Now that the Supreme Court has expressly ruled that a gay couple has a fundamental right to marry, those opposing such marriages are doing whatever is possible to keep such couples as second-class citizens. As is nearly always the case, religious belief is being used as the excuse to discriminate.

The latest example is Sen. Greg Treat (R-OKC) and Rep. Travis Dunlap’s (R-BartlesvilleSB 1140, which would exempt private child-placing agencies from participating in adoption and foster-care child placements that violate “the agency’s written or moral convictions or policies.” (Earlier in March, it passed the full Senate 35-9, and it now awaits potential review after being assigned to the House Judiciary Committee.)

Oklahoma’s Catholic Archbishop and Oklahoma Southern Baptist leaders have joined together to support the legislative proposal. In a story appearing in our largest metropolitan newspaper, the executive director of the Baptist General Convention of Oklahoma said his organization has been “… outraged to learn of threats to the religious liberty and moral convictions of faith-based agencies in other parts of the country …”. Newspaper accounts make clear that the unspoken goal of SB 1140 is to impede the ability of gay married couples to adopt or become foster parents.

Scientific research supports same-sex adoption

Oklahoma’s adoption and foster-care adoption laws are intended to have a single focus: the well-being of the child — not the religious views of those involved in the placement process. Private agencies enter into contracts with the state to screen couples who can capably provide a child with love, shelter, support and a safe environment. Taxpayer dollars support this process. There are no religious tests for otherwise qualifying couples.

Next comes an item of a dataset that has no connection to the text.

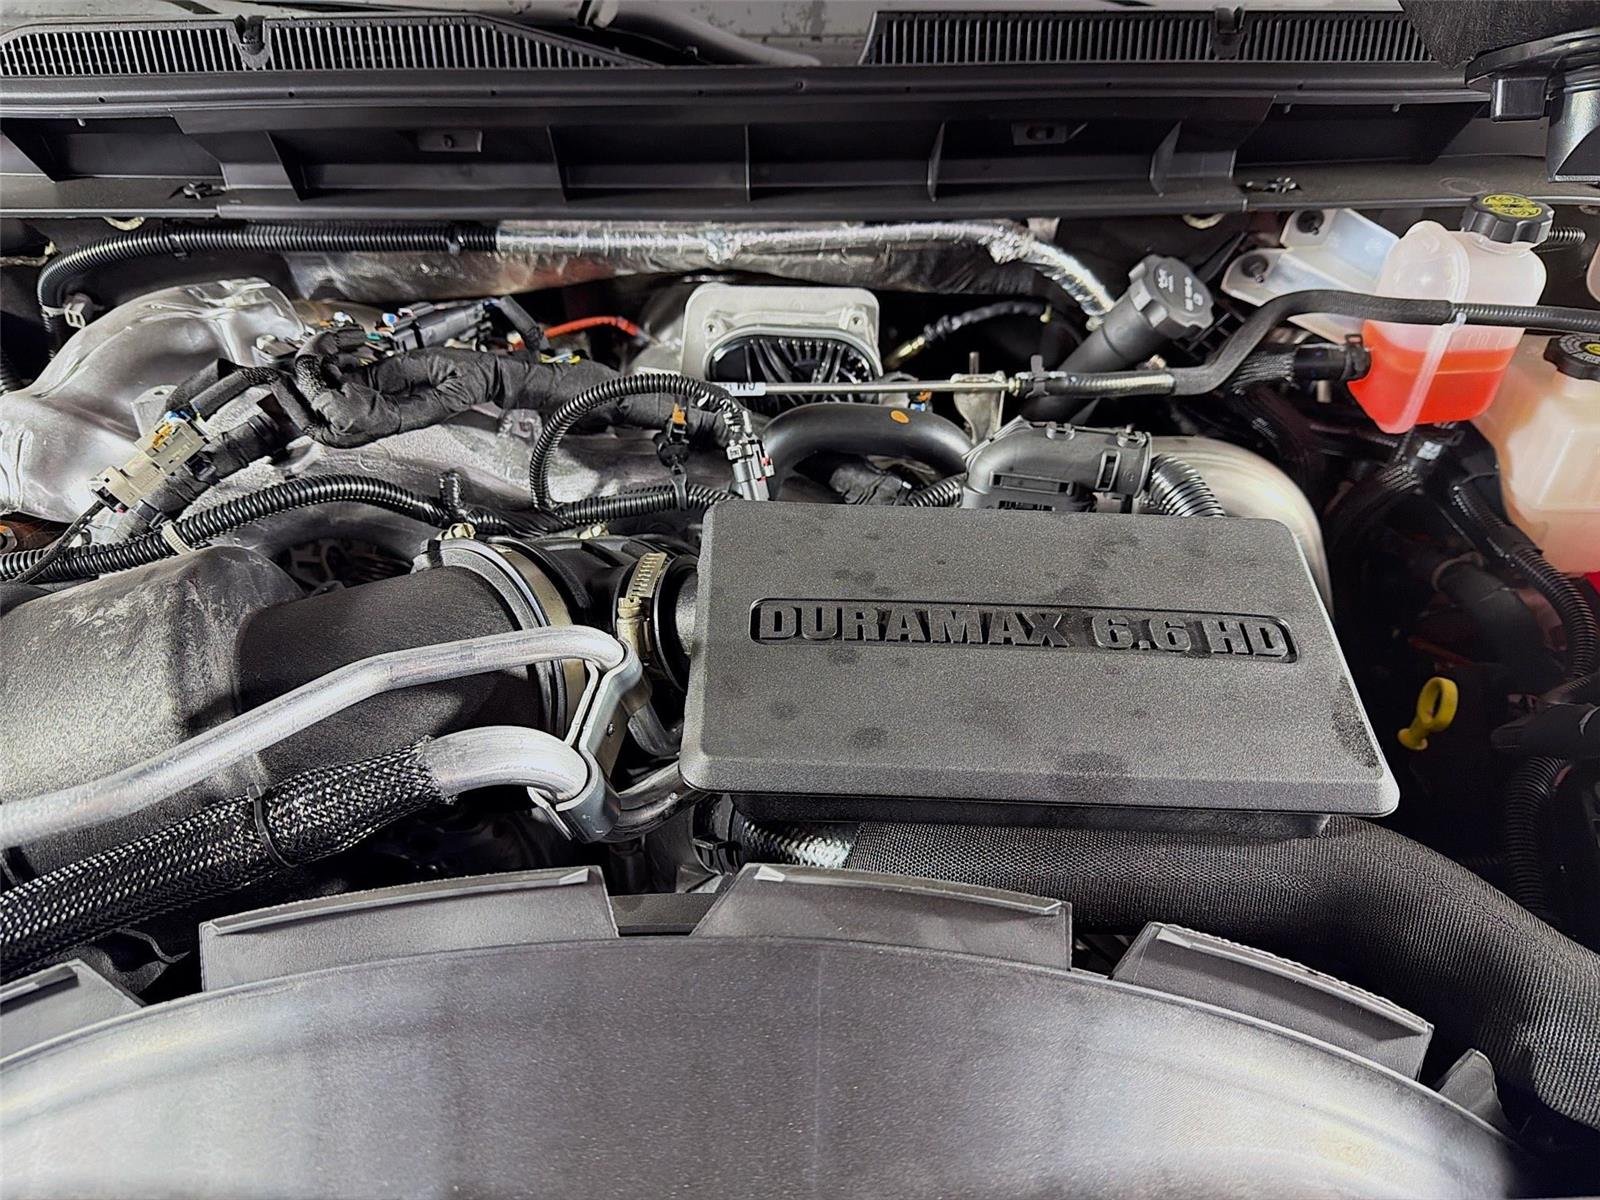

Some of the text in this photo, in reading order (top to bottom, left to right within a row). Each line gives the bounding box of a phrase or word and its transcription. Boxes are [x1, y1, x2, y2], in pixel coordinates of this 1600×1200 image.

[759, 604, 1289, 657] DURAMAX 6.6 HD

Decades of social science research has conclusively shown that the well-being of a child in a home with same-sex parents does not suffer. In the marriage equality litigation, the conclusion of the amicus brief filed by the American Sociological Association was unambiguous, stating: “The social science consensus is both conclusive and clear: children fare just as well when they are raised by same-sex parents as when they are raised by opposite-sex parents.” The amicus brief of the American Psychological Association agreed.

These religious supporters of SB 1140 were also vigorous opponents of marriage equality, showing little concern about the daily humiliation and embarrassment being endured by the thousands of children being raised by same-sex couples — and the daily stigma these children carried among their classmates and friends — because it was illegal for their parents to get married. The opinions of the sociologists and psychologists about the well-being of the child held little sway. Religious belief trumped such concerns.

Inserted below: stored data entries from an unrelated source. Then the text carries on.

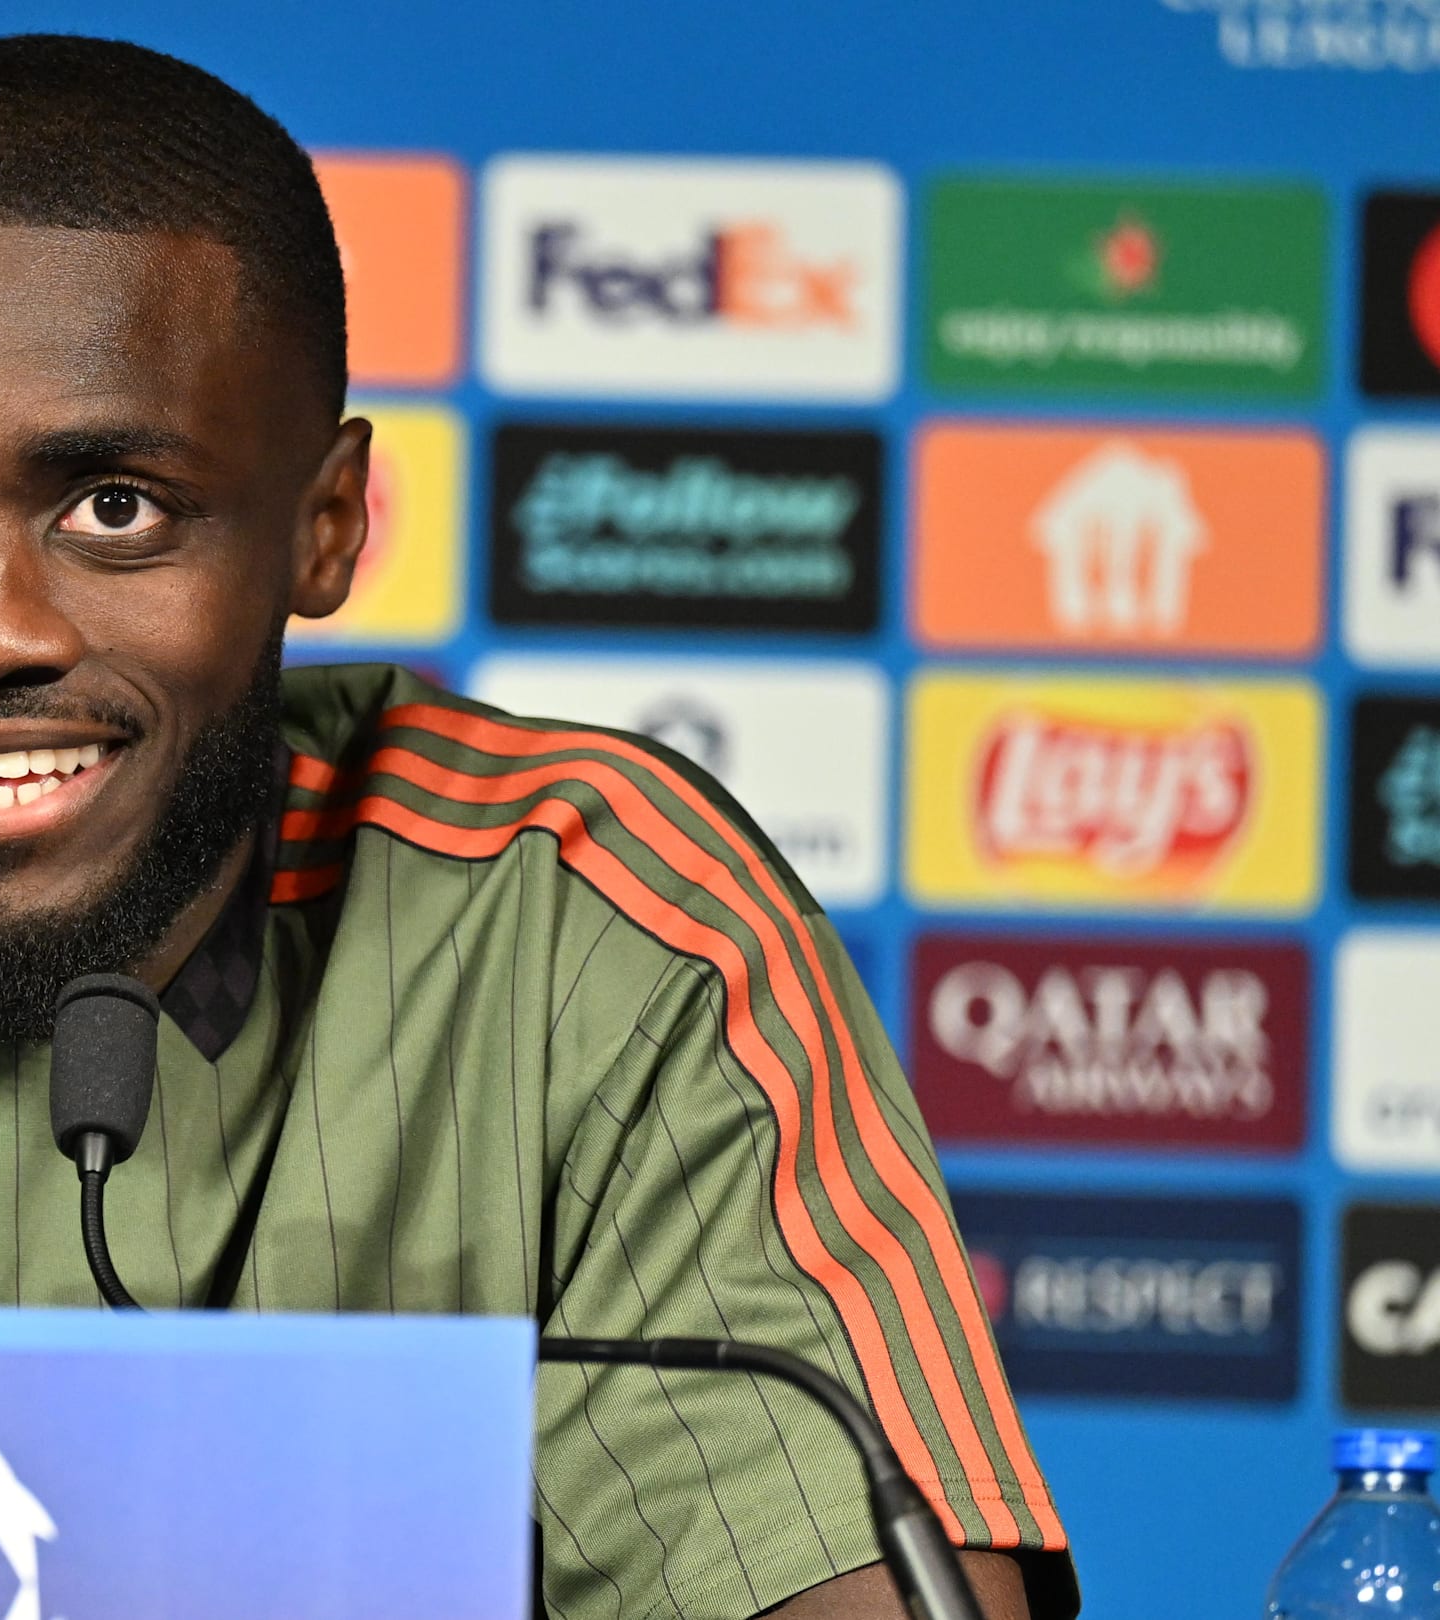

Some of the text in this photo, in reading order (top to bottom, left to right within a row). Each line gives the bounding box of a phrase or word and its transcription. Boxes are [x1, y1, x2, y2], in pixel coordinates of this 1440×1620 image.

[1220, 12, 1440, 62] LEAGU
[525, 217, 865, 329] FedEx
[936, 970, 1265, 1071] QATAR
[1016, 1056, 1270, 1111] AIRWAYS
[1018, 1260, 1278, 1330] RESPECT

The real questions that should be asked

Since 2014, national polls have shown that a majority of Americans support adoption by gay parents. The real “religious freedom” questions that should be asked are these:

  1. Why should the religious views of any agency contracting with the state (and involving taxpayer dollars) be imposed on a social services system operated pursuant to the state’s civil laws?
  2. What “state” interest is there in allowing any organization’s decision-makers to disqualify applicants based on a religious-belief test?
  3. How is the well-being of a child being served by such a test?
  4. And finally, who is next in this unending drama of seeking to put narrow Christian beliefs into Oklahoma’s social services systems?

Discrimination persists despite other options

Under the language of SB 1140, faith-based decision makers could decide to screen out all nonbelievers, or non-Christians, or couples in an interfaith marriage, or even a couple where one of the two persons (or both) have been previously divorced (after all, Jesus clearly condemned divorce). SB 1140 leaves all these possibilities wide open if the placement agency’s decision makers have religious or moral convictions against such couples.

The authors of SB 1140 (embedded in full below) and the complaining religious leaders try to soften the impact of what they seek by saying that other agencies already exist that are willing to place children in “nontraditional families.” We’ve heard that before. Some of us are old enough to remember signs in windows refusing service. Telling citizens there is someplace else to go does not lessen discrimination.